You can’t go wrong serving Nigella’s Lentil Chilli with cornbread, baked potatoes, breadsticks, tacos, or a salad, grilled cheese sandwiches, quesadillas, and Jalapeno poppers.
🥶 How To Store Leftover Nigella Lentil Chilli?
- In The Fridge: Leftover lentil chili can be preserved in the fridge for up to 4 days when placed in a tightly sealed container.
- In The Freezer: Leftover lentil chili can be frozen for 3 months make sure to keep it in a freezer-safe bag for up to 3 months. Refrigerate overnight to defrost before reheating.
🥵 How To Reheat Nigella Lentil Chilli?
- Stove: Pour lentil chili into a saucepan and heat for 4 minutes over low to medium heat or until heated.
- Microwave: Transfer a microwave-safe dish in lentil chili and heat for 1 to 2 minutes at a time, stirring in between, until hot.
FAQs
What do I do if my lentil chili is too watery?
If your lentil chili is too watery, prepare a slurry with equal parts water and cornstarch or flour, adding it slowly while stirring to achieve the desired thickness.
Why did my lentil chili turn out mushy?
Your lentil chili may have turned out mushy if it simmered at too high a heat, causing the lentils to overcook and lose their texture.
Why does my lentil chili taste bland?
Your lentil chili may taste bland due to a lack of seasonings and spices enhance flavor with more chili powder, salt, and other seasonings.

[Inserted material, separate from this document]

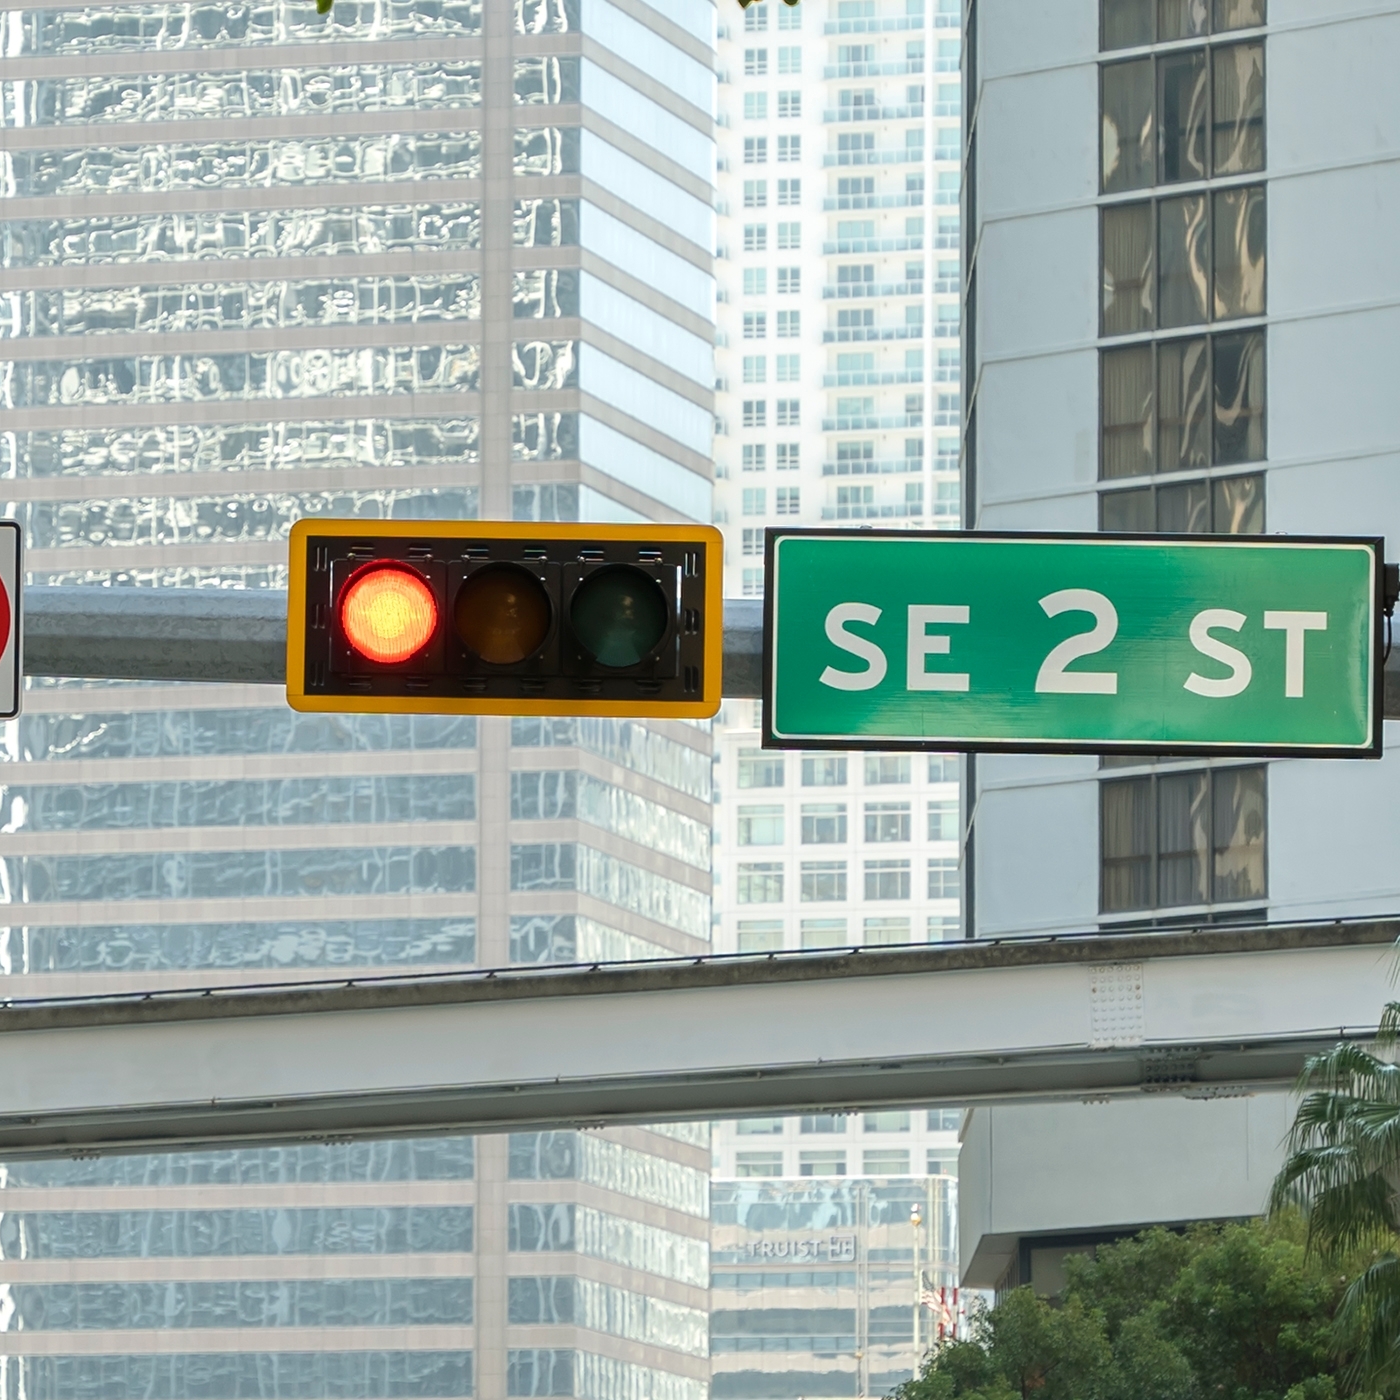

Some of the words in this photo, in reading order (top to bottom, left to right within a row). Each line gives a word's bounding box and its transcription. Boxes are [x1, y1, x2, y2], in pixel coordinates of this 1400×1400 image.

Why won’t lentil chilli soften?
Your lentil chili may not soften because the lentils absorb too much liquid, simply add a bit more broth to achieve the desired consistency.
Try More Nigella Recipes:
Nigella Lentil Chilli Nutrition Facts
Amount Per Serving
- Calories 127
- Calories from Fat 5.4
- Total Fat 0.6g
- Saturated fat 0.1g
- Sodium 485mg
- Potassium 446mg
- Carbohydrates 21.6g
- Net carbs 11.7g
- Fiber 9.9g
- Glucose 2.8g
- Protein 9.1g
Are You Looking For Best Nigella Lawson Cookbooks ? Here Are Top 5 Best Seller Nigella Lawson Cookbooks You Should Have:
- At My Table: A Celebration of Home Cooking
- Nigella Express: 130 Recipes for Good Food, Fast
- Cook, Eat, Repeat: Ingredients, Recipes, and Stories (recommended)

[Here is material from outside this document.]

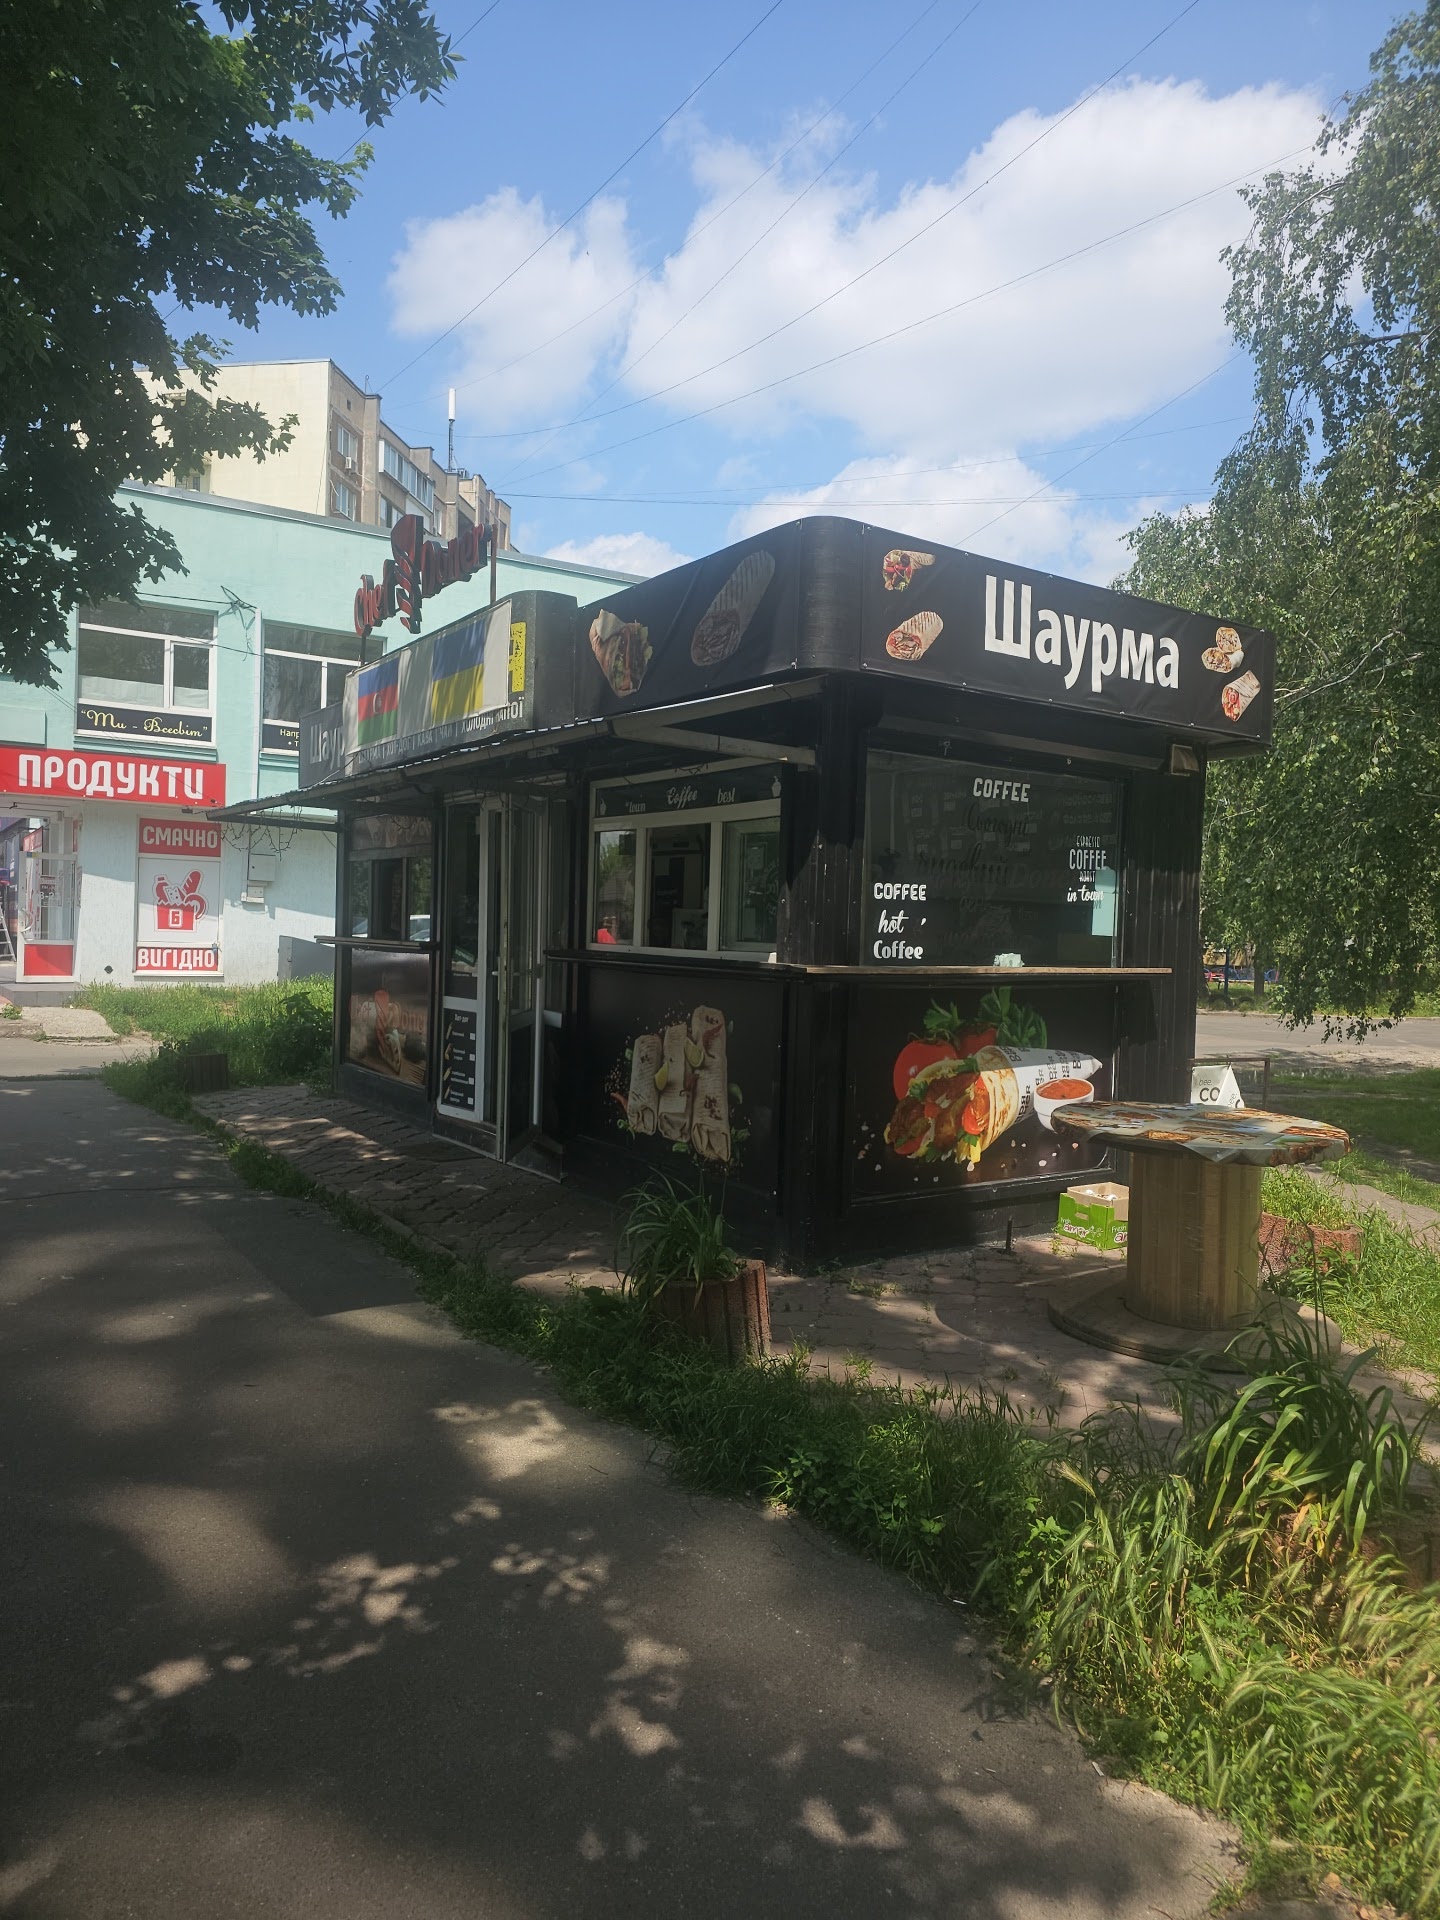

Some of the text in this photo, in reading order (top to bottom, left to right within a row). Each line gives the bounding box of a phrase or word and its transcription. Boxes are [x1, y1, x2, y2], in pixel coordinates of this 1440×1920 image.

- Nigellissima: Easy Italian-Inspired Recipes
- Nigella Kitchen: Recipes from the Heart of the Home
Nigella Lentil Chilli
Description
Nigella Lentil Chilli is a quick weeknight treat that uses basic ingredients and bold spices. This hearty supper can be on the table in about 40 minutes, and it’s packed with flavor and nutrients.
Ingredients
To Serve
Instructions
- Heat olive oil over medium heat in a sizable, sturdy Dutch oven. Stir in onions and red bell pepper. Cook for 8-10 minutes, or until soft and gently browned, stirring periodically.
- Add the garlic and chili powder and stir for about 30 seconds, or until the mixture becomes fragrant.
- Put in the stock, lentils, tomatoes, and bay leaf. Add plenty of salt and freshly ground black pepper.
- Cook, slightly covered, for 30 minutes over medium-low heat, or until lentils are cooked. Take it off the fire and throw away the bay leaf.
- Put three to four cups of chili in a blender and blend until smooth. Toss the pureed chili back into the pan and give it a good stir. Pepper and salt cravings.
- Mix in the cilantro, and then top as desired.
Notes
- Rinse Lentils: Rinse dry lentils before cooking to remove any debris or impurities.
- Adjust Spice: Customize chili powder to suit your heat preference – mild or spicy.
- Blend Gradually: When pureeing, start with a small portion of chili for a smoother consistency.
- Store and Freeze: Make extra batches and freeze them for convenient future meals.